Satellite reveals six gigatons of carbon emitted from land

gigabites of carbon, climate
© Dennis Thompson

According to new observations by a Chinese satellite, six gigatons of carbon are emitted over land every year – equivalent to 12 times the mass of all living humans

The Chinese Global Carbon Dioxide Monitoring Scientific Experimental Satellite (TanSat) finds that roughly six gigatons of carbon are emitted over land, every year. This year, startling new evidence found that the Amazon Rainforest was no longer a carbon sink – emitting more than it absorbed. Another study found that 20% of existing forest area is legally allowed to be mined – meaning that more deforestation and carbon release is a definite outcome.

In these times of increasing carbon emissions, with countries openly committing to decreasing greenhouse gases, how can we keep track of the intricate web of carbon exchange?

A new map documents all carbon exchange

The new map, created from TanSat observations, examine how greenhouse gases are exchanged between atmosphere, land, water and living organisms.

Normally, more than a hundred gigatons of carbon are exchanged through this process, but now there is excess carbon pollution – leading to too much prevalence of carbon in some places, like land.

Dongxu Yang, first author and a researcher in the Institute of Atmospheric Physics at the Chinese Academy of Sciences (IAP CAS), said: “We also demonstrate that China’s first carbon-monitoring satellite can investigate the distribution of carbon flux across the globe.”

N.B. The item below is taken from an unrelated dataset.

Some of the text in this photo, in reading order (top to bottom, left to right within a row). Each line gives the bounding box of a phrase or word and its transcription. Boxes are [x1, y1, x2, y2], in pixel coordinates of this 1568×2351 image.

The new satellite data will be used to independently verify national emission inventories across the globe.

The Paris Agreement will use this data

This process should be overseen by the United Nations Framework Convention on Climate Change and begin in 2023, in support of the Paris Agreement.

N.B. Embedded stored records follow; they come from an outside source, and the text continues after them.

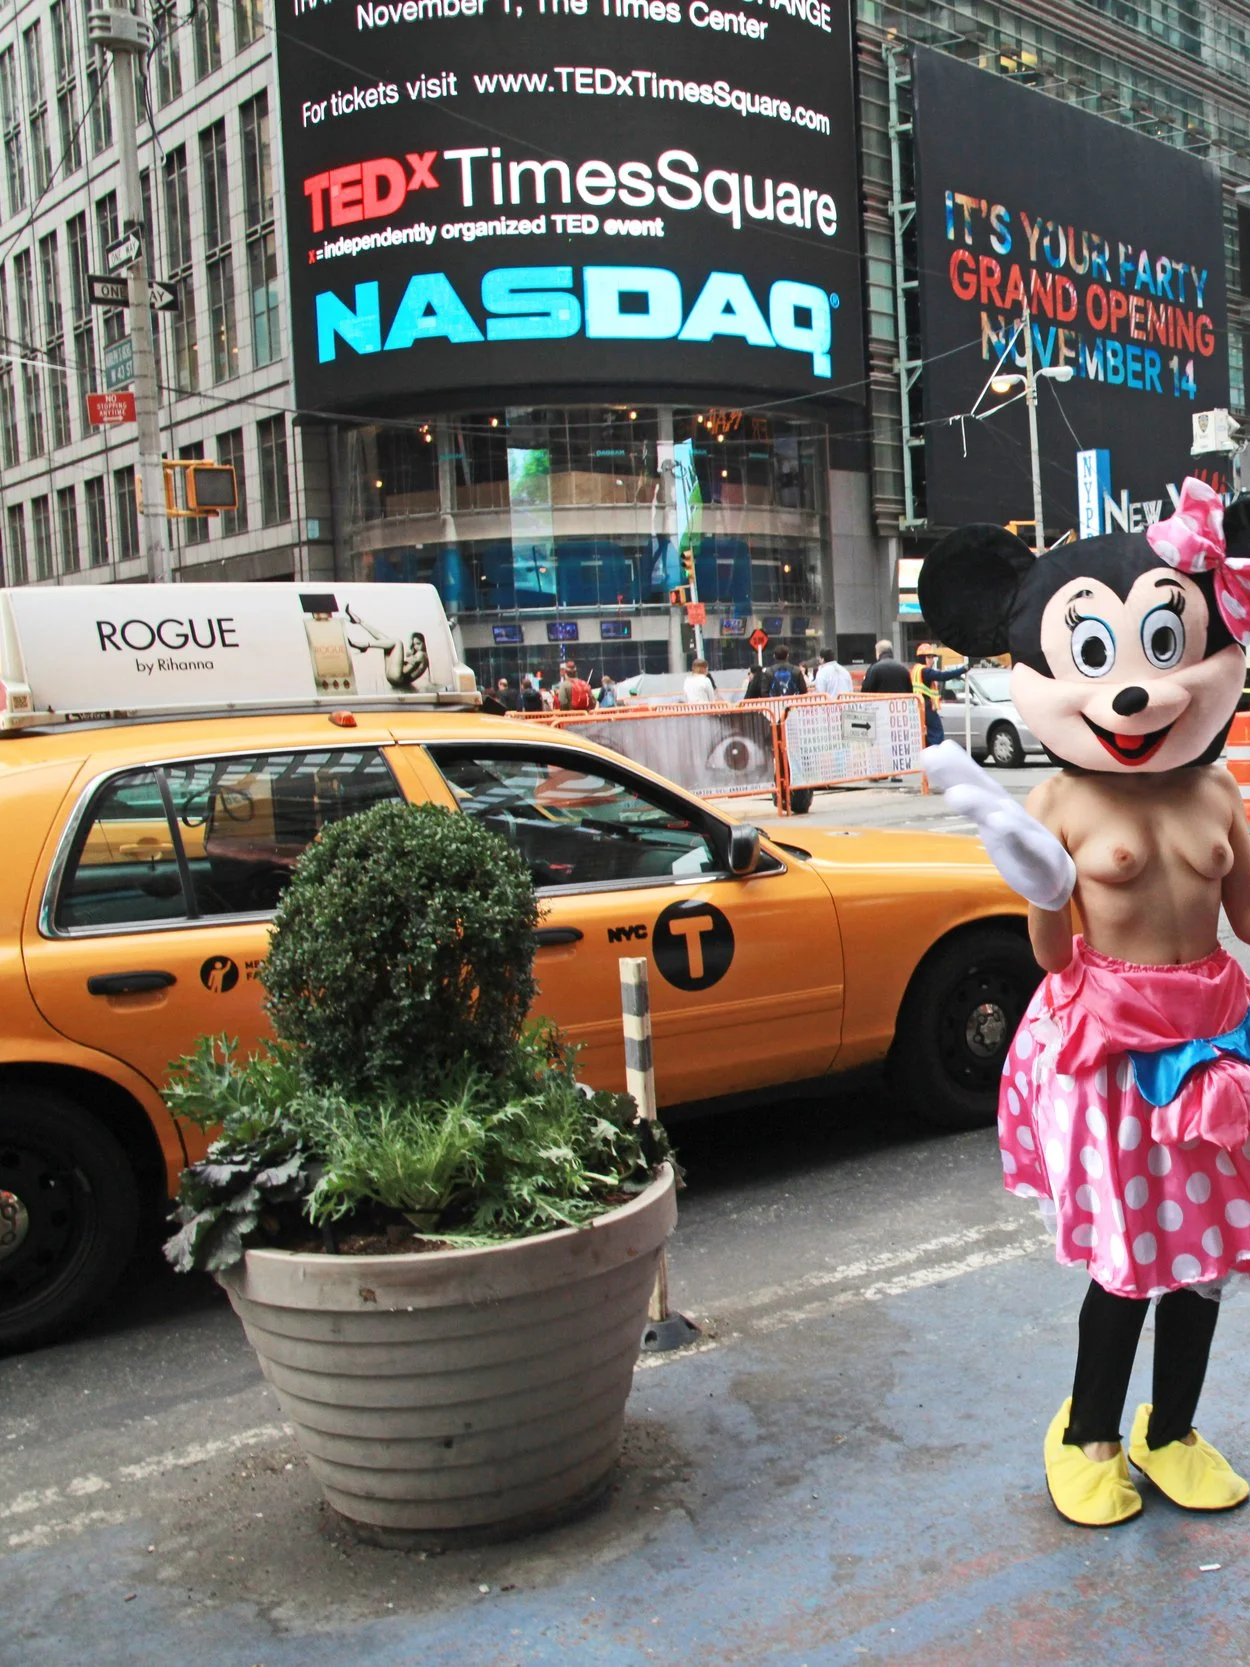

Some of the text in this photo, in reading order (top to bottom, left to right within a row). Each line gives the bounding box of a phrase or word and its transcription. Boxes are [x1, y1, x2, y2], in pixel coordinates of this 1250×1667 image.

[356, 0, 484, 31] November
[601, 0, 682, 24] Times
[689, 0, 768, 40] Center
[302, 67, 831, 135] For tickets visit www.TEDxTimesSquare.com
[443, 147, 838, 236] TimesSquare
[441, 215, 546, 242] organized
[551, 214, 600, 234] TED
[603, 217, 664, 237] event
[945, 190, 1208, 309] IT'S YOUR PARTY
[101, 283, 129, 299] ONE
[950, 249, 1215, 357] GRAND OPENING
[315, 266, 832, 378] NASDAQ
[981, 311, 1197, 400] NOVEMBER 14
[1083, 456, 1094, 538] NYP
[95, 618, 240, 652] ROGUE
[135, 658, 214, 674] by Rihanna
[889, 701, 908, 713] OLD
[890, 714, 909, 727] OLD
[890, 730, 910, 742] NEW
[891, 744, 911, 757] NEW
[892, 758, 912, 771] NEW
[607, 914, 714, 979] NYC T
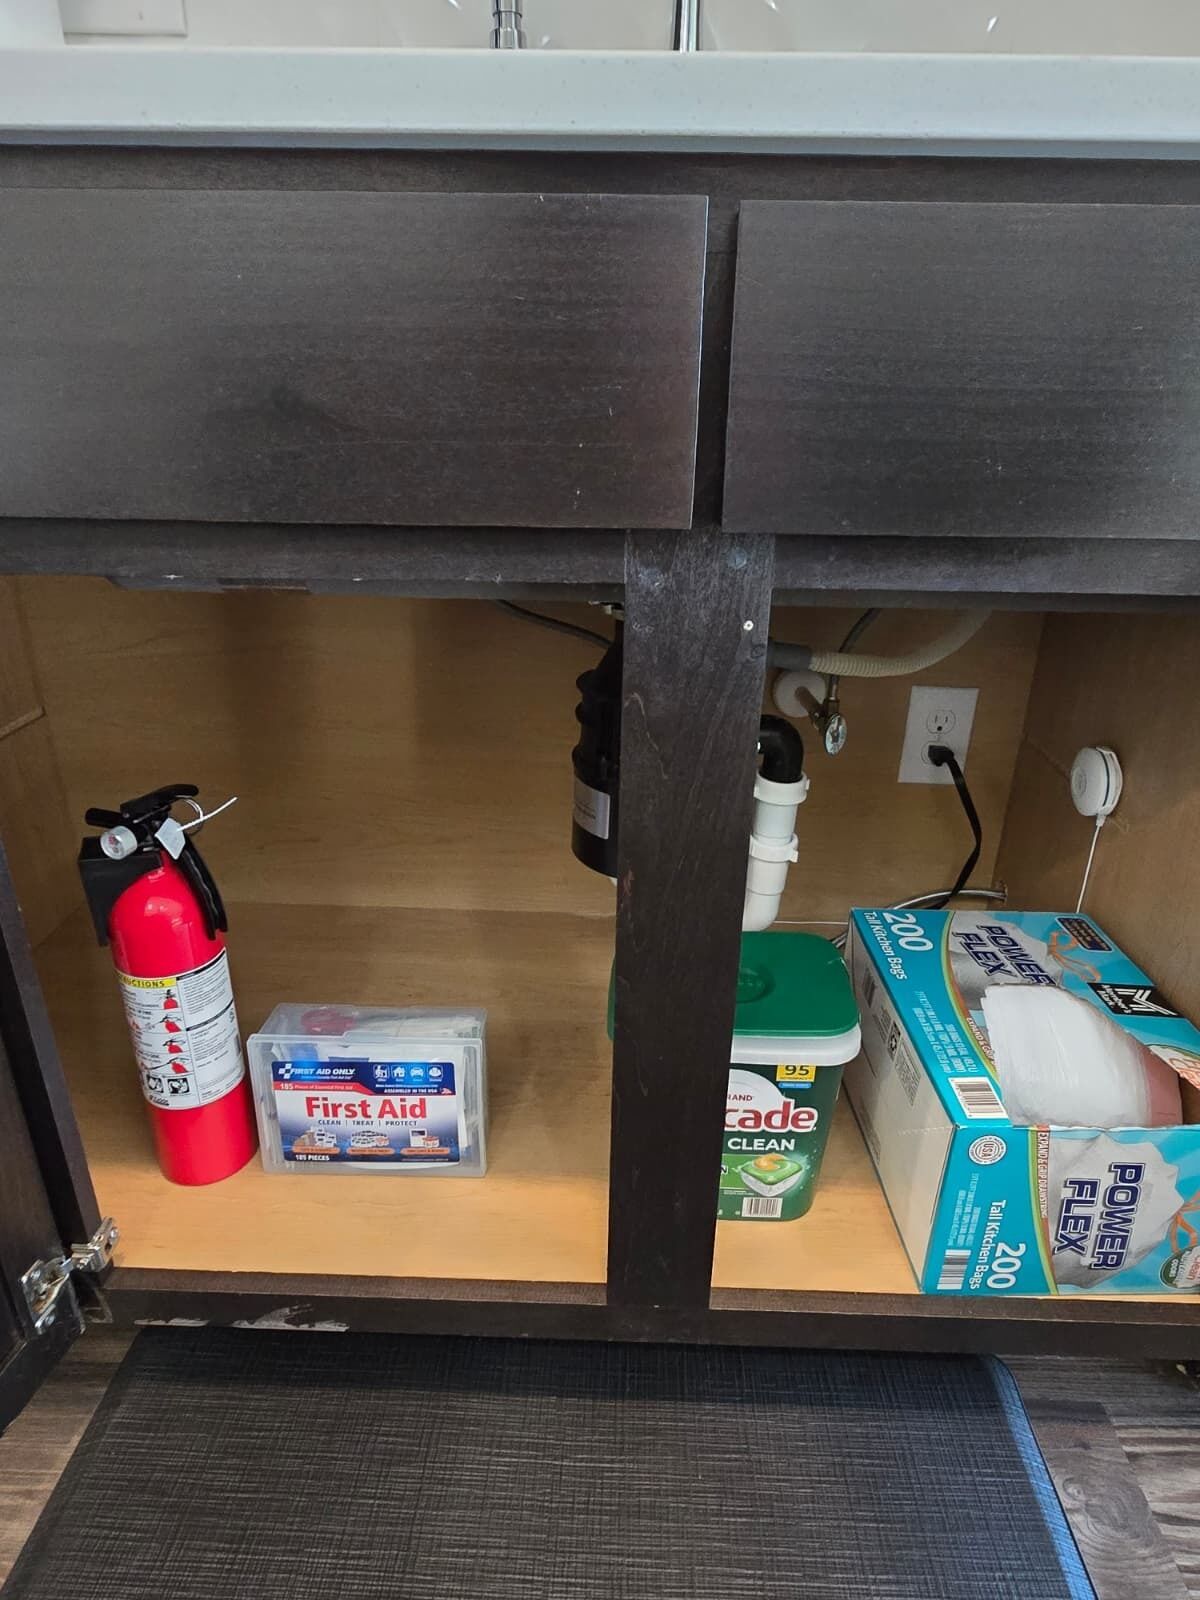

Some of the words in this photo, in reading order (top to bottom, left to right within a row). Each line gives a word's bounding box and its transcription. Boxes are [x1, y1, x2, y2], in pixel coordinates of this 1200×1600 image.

[864, 911, 882, 925] Tall
[882, 912, 934, 951] 200
[870, 924, 895, 956] Kitchen
[887, 957, 908, 980] Bags
[952, 932, 1018, 977] FLEX
[978, 925, 1058, 987] POWER
[785, 1064, 810, 1076] 95
[305, 1096, 371, 1119] First
[377, 1097, 427, 1119] Aid
[725, 1101, 816, 1130] cade
[727, 1137, 796, 1151] CLEAN
[982, 1142, 995, 1158] USA
[1037, 1131, 1049, 1158] EXPAND
[988, 1199, 1007, 1220] Tall
[1052, 1177, 1100, 1257] FLEX
[1090, 1161, 1145, 1270] POWER
[977, 1222, 1001, 1263] Kitchen
[968, 1264, 990, 1290] Bags
[986, 1242, 1027, 1289] 200

Co-author Liang Feng, researcher with the National Centre for Earth Observation at the University of Edinburgh, said: “The sparseness and spatial inhomogeneity of the existing ground-based network limits our ability to infer consistent global- and regional-scale carbon sources and sinks. To improve observation coverage, tailor-made satellites, for example TanSat, have been developed to provide accurate atmospheric greenhouse gas measurements.”